Yea, yea, I know, this really isn't electronic underground music or industrial related at all. But, hell, I like to sometimes dive into other genres when I find myself curious enough. Anyway, Urn is a gothic/folk metal group based in Orlando, Florida of the United States. With their upcoming album "Epiphany" on the horizon, I talked to guitarist and lead singer Dominic regarding the album, their signing to Dark Moon Records, and their future plans.

You guys have been around since 2000 and I can only imagine it's been a journey. With your next album due out in August, have you noticed a change in style or improvements in the way you write/sing music as URN?

Dominic - "I’ve always felt that a band that’s worth its weight will typically see some form of improvement or progression from one album to the next. This recent album had a little more collaboration with its development, something that I was hoping for for quite a long time."

The last major release you guys have had was "Scribings of a Forgotten Soul" in 2009. It's been about 6 years since then, and now you're unveiling "Epiphany". Were you working on the album throughout that entire period or was there a bit of a break?

Dominic - "We toured extensively for two years for 'Scribings' so we really in earnest didn’t begin to work on 'Epiphany' until about 2011. However, around that time we elected to focus on other aspects of our lives and our families. I myself left Chicago for Florida later in 2011 to be with my family more. We did some touring in 2012 and decided to take a little bit of break the following year."

What really influenced the music and lyrics on "Epiphany"? Was it another band or musician, or personal interests or relief that brought the album to life?

Dominic - "As the title would suggest, it was an intense exploration of self-discovery and self-realization. On an individual, personal level I was transformed dramatically as a person and a great deal of this album’s lyrical content were my emotions dealing with the vigorous changes that came with that process. A reflection on lessons learned if you will."

What can fans expect to see on the album? How many tracks, the length of it all, any cover songs or collaborations, etc.? What should they be looking forward to?

Dominic - "We have eleven songs on this album and they are all original. In fifteen years, this band hasn’t done a cover song and most likely will not be doing one in the near future. What URN fans can look forward to is that we heard their voices and we delved more into our Celtic side of the band as we incorporated more non-traditional rock instruments such as violin and 36-string lever harp which really helped enhance the arrangements on many of the songs."

How was writing the album altogether? Was it a surreal experience or did it have more downturns than upturns at some points?
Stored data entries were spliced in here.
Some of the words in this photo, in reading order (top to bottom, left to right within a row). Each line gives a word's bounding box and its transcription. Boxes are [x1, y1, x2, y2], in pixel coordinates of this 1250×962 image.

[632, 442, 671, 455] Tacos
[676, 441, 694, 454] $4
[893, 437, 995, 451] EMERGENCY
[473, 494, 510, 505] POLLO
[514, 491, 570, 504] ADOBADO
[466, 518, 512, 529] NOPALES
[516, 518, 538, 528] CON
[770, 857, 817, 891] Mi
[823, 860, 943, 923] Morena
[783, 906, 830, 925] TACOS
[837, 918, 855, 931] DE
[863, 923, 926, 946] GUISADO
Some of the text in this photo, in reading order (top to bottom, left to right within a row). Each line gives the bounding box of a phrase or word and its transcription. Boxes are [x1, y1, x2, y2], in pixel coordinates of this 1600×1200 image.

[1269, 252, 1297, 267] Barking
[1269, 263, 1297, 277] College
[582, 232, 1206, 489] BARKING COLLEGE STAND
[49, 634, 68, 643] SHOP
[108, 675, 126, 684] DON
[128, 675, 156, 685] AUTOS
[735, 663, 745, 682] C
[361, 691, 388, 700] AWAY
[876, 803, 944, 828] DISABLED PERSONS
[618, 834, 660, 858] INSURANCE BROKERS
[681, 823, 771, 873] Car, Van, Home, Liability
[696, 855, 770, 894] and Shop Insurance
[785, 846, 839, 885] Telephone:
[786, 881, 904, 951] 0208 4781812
Dominic - "Our albums in the past, I did the majority of the writing, but with this album we did try to make it more of a collaborative effort. Each of us come from similar, but different backgrounds and we also came from different ways of how we go about songwriting. As a result, there were periods where we struggled with the new process. I’d say that Liam and Chris work a little better together, but in the end we all seem to have learned each other better that moving forward we’ll be more harmonious."

Obviously, I'm sure you guys have listened to your own material a million times over by now. What do you personally think of the album yourselves? Are you proud of what you were able to accomplish?
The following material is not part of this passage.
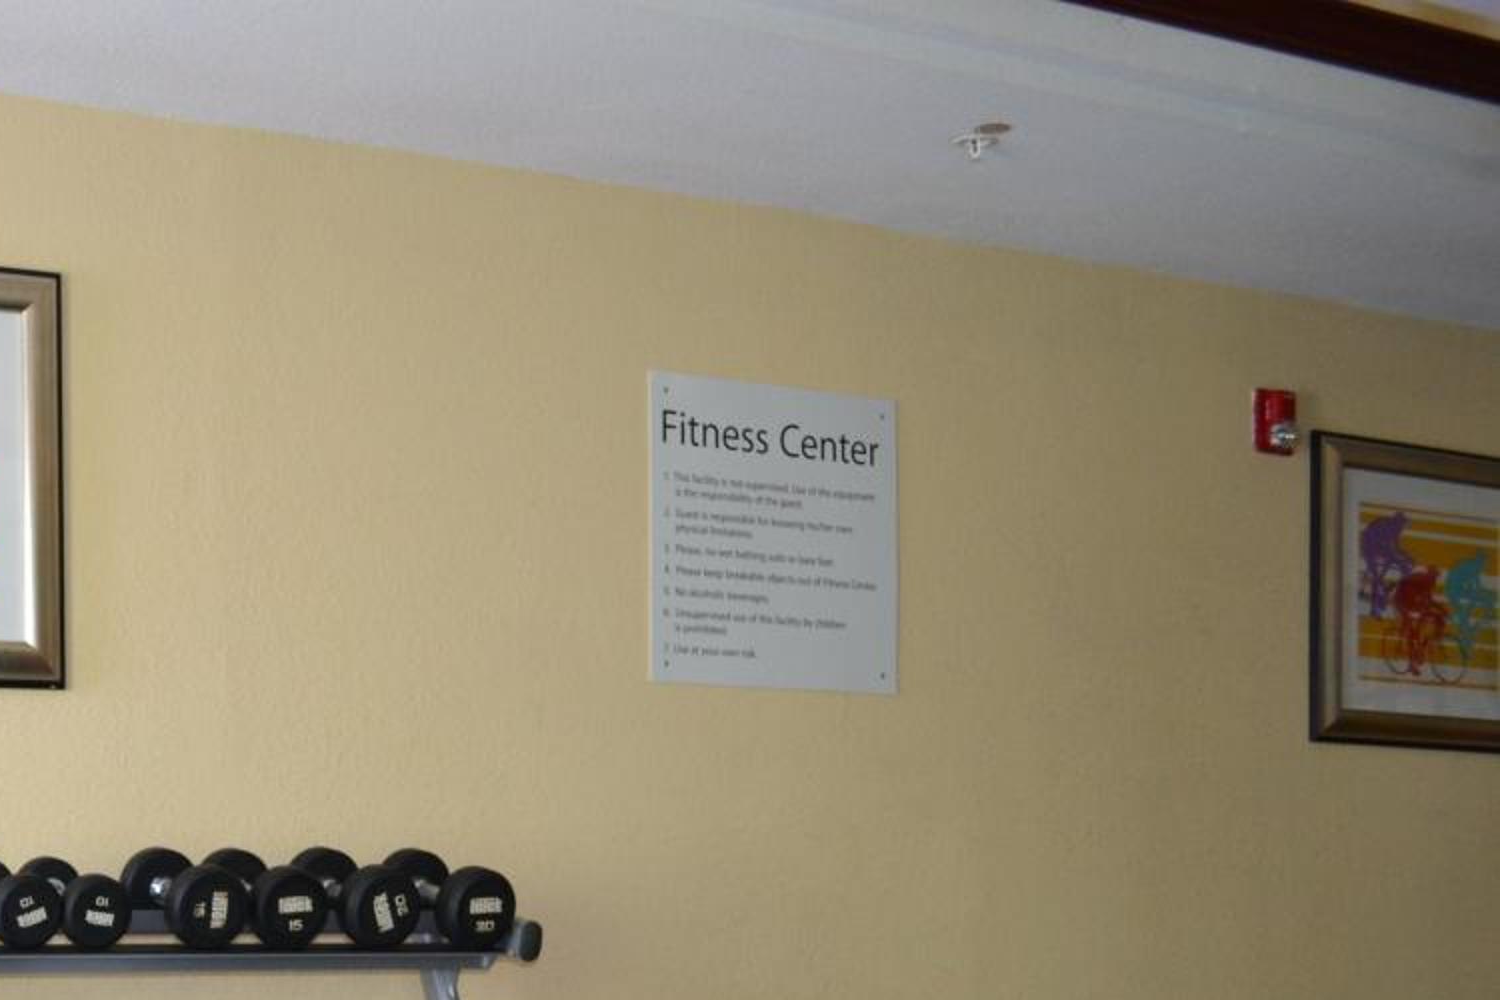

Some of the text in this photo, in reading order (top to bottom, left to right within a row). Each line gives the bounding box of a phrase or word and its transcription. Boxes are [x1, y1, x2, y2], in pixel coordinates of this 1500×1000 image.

[661, 409, 879, 467] Fitness Center
[94, 896, 109, 906] 10
[288, 919, 304, 931] 15
Dominic - "I honestly feel it is our greatest work to date. I’ve been proud of each of the albums in the past, but this one in particular I have a certain type of pride that I’ve not felt with the previous releases. This is in part that we did take a much different approach to the overall process of the album’s creation."

Now, you've also signed to Dark Moon Records. How did that occur? Did the label approach you or did they approach you?

Dominic - "Corvis Nocturnum of Dark Moon Productions who wanted to expand his multi-media operations into the music industry approached us. Fortunately for us, he has been a long-time friend and fan of URN and he was really wishing for another URN album and put a great deal of effort into making this all a reality."

And how has it been being attached to the label? Have they been very supportive of you so far?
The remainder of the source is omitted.